PASCUAL E. ALEJO RETTIZ
A no dudar que la histórica tierra andaluza de San Miguel de Huacar, en las fechas del 27 al 30 de setiembre de todos los años celebra la fiesta religiosa más grande de la región.
A 25 minutos de la ciudad capital de Huánuco, Huacar, fue fundado por los españoles entre capitanes, dominicos y franciscanos.
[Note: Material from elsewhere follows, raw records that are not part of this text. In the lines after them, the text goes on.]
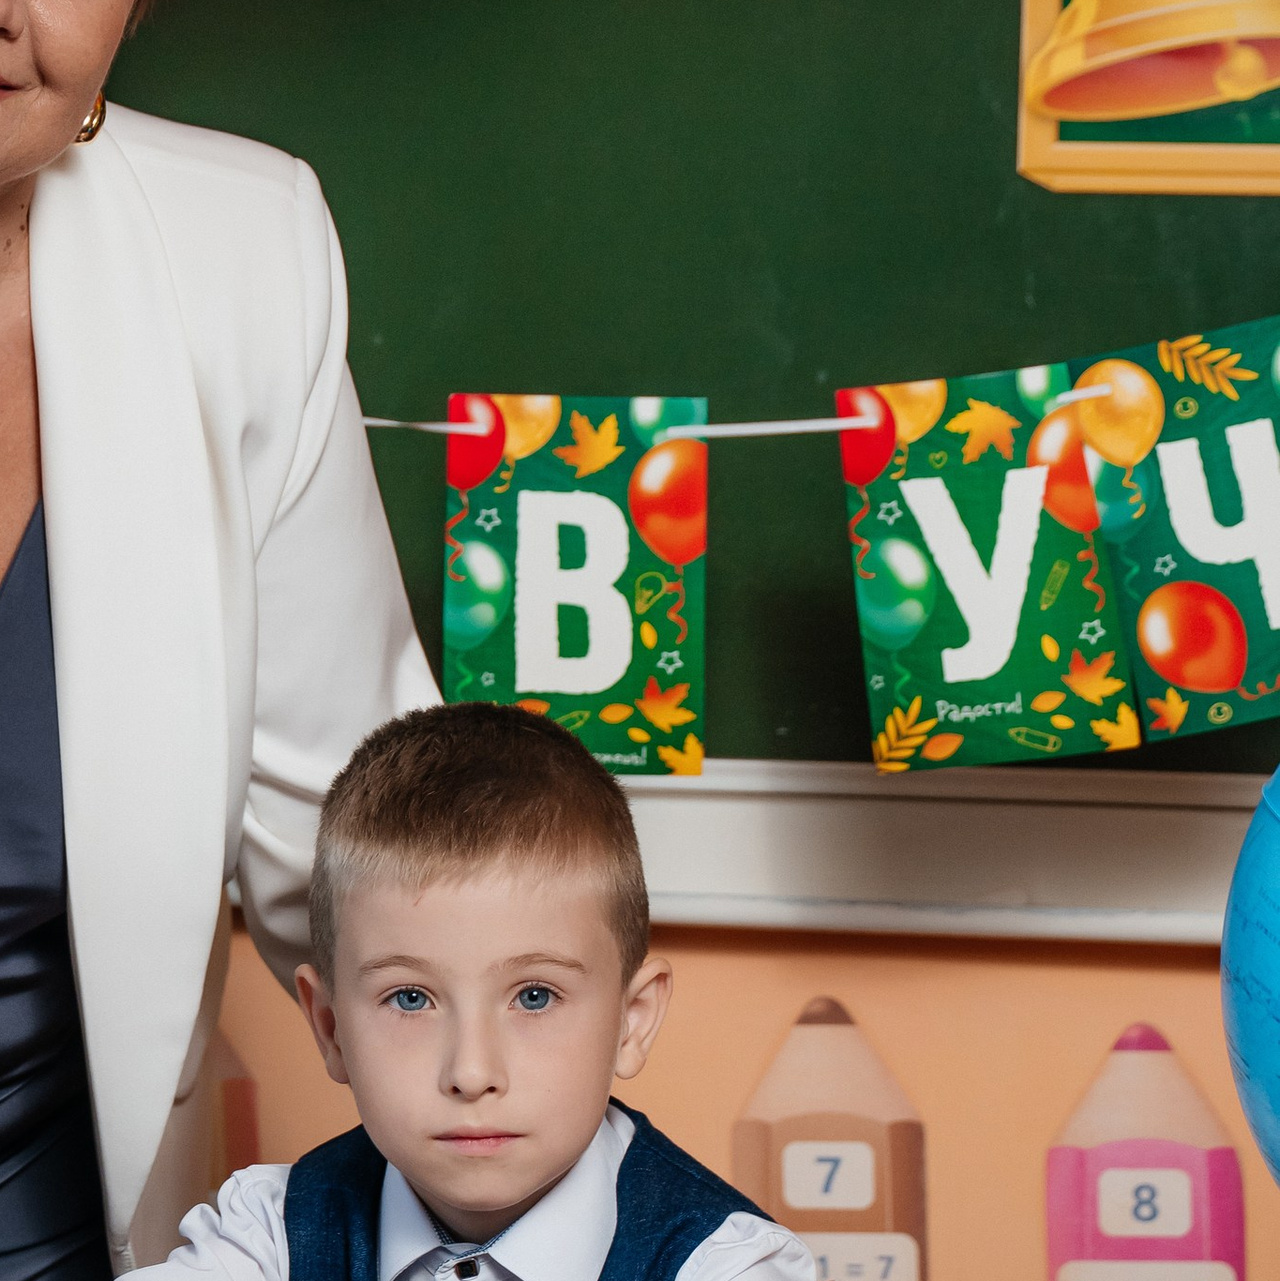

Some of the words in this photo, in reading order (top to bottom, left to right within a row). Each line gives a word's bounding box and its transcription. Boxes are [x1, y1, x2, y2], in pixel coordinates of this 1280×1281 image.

[515, 489, 632, 695] В
[935, 691, 1022, 722] Радости!
[815, 1156, 842, 1193] 7
[1133, 1184, 1160, 1222] 8
[877, 1255, 895, 1279] 7
Sus principales pueblos del Imperio Yarovilca en esta parte del valle de los chupachos y chaupiguarangas afluentes a los ríos Huertas y Huacarmayo, fueron los Rumalhuarangas, los Atash, los Quinuash, los Tupines (Huishca) y los Atcush (Cochatama), reinos primigenios con los que se fundó a la Villa de Huacar por los años de 1536 en el mes de mayo, bajo la advocación del Santo Patrón San Miguel, de aquí que se le conoció hasta 1912 como Villa de San Miguel de Huacar, cuando se crea políticamente la provincia de Ambo.
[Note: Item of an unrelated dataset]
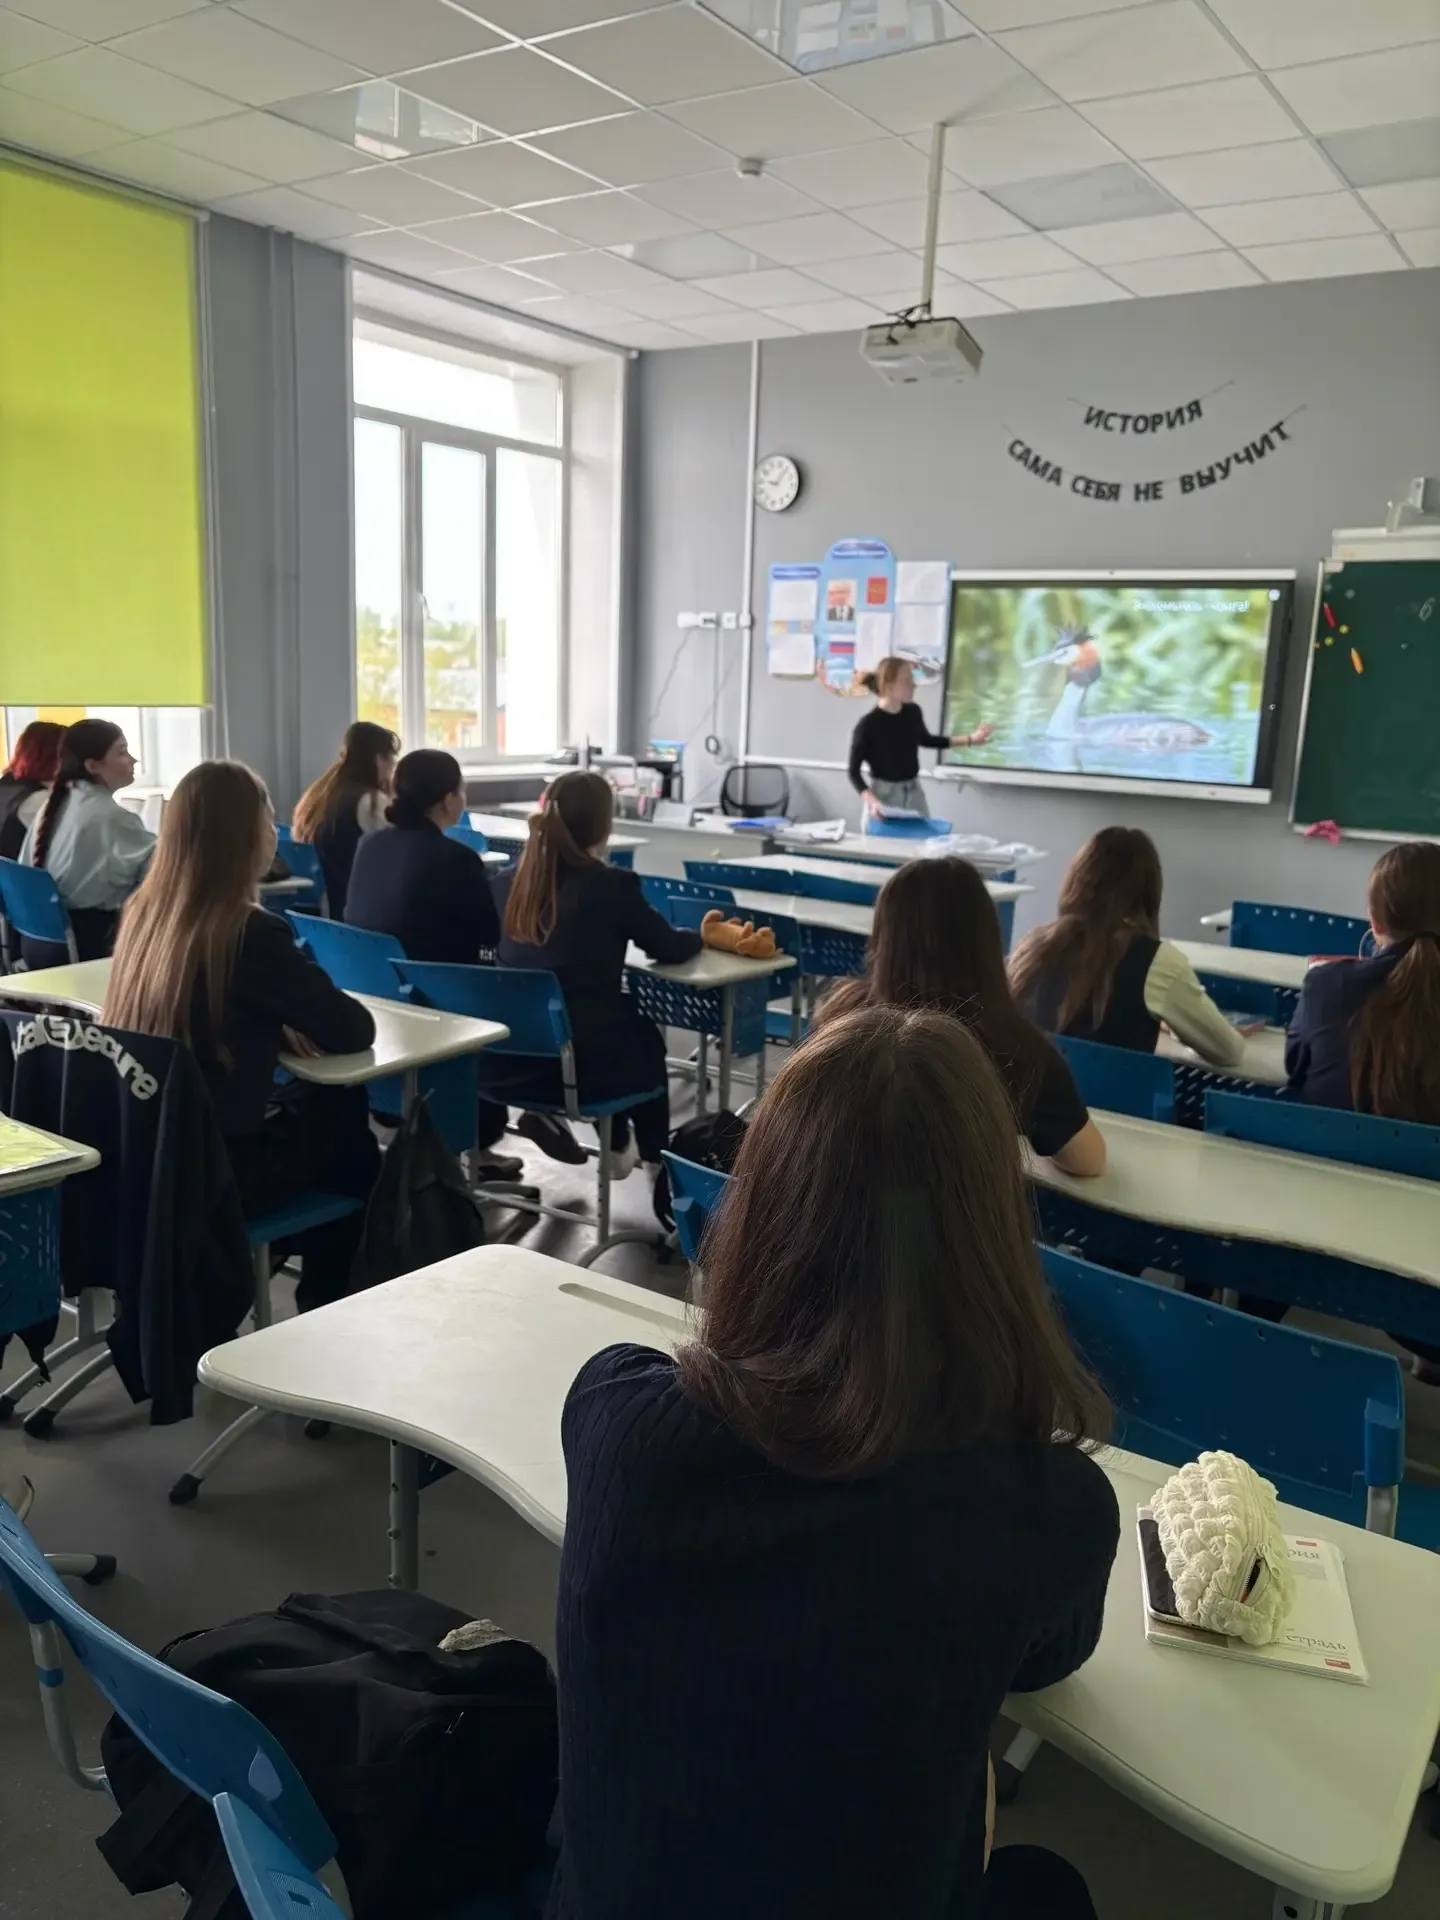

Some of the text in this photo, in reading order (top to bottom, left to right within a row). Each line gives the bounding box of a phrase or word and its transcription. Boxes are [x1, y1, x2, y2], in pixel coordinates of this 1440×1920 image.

[1083, 399, 1204, 435] ИСТОРИЯ
[1007, 420, 1291, 503] САМА СЕБЯ НЕ ВЫУЧИТ
Sus pobladores de las centurias pasadas participaron activamente en las guerras por la emancipación e independencia del yugo español; fueron los huacarinos que aportaron con hombres y víveres en la llamada revolución doceañista al mando de Juan José Crespo y Castillo en las pampas de Ayancocha, de Arcopunco e Izco; los sobrevivientes de 1812 rindieron su vida en las batallas de Junín y Ayacucho en 1824, al que la historia los registra como los Héroes Huacarinos; y es en la guerra con chile, cuando el más brillante e insigne luchador social de Cuba y luego capitán de las fuerzas regulares de nuestro ejercito del Perú Coronel Leoncio Prado Gutiérrez, llevó entre sus filas a más de un centenar de hombres entre jóvenes al holocausto de la batalla de Huamachuco del 10 de julio de 1883 sucumbiendo junto a él los valientes huacarinos que se encontraban al frente del Batallón Huallaga.
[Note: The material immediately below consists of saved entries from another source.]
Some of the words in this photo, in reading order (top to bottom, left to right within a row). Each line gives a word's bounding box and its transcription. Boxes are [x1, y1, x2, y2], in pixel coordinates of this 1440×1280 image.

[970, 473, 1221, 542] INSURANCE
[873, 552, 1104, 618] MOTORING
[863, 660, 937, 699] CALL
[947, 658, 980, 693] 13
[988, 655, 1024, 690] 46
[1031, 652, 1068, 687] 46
FIESTA. Septiembre sintetiza en la memoria colectiva de los huacarinos y huacarinistas, una remembranza añeja de su vivencias infantiles y de pasiones escondidas en sus huertos de café, de palta, de lucma y de pacae, o entre los poquísimos cañaverales que aún lo encontramos en Derrepente a la salida para los pueblos de Mantacocha, Rauquin, Caracallla, Huamish, Raccha y Yanac. La festividad católica es un encuentro de amistades y de renovación de su fe a la milagrosa imagen del Santo Patrón del Pueblo San Miguel de Huacar.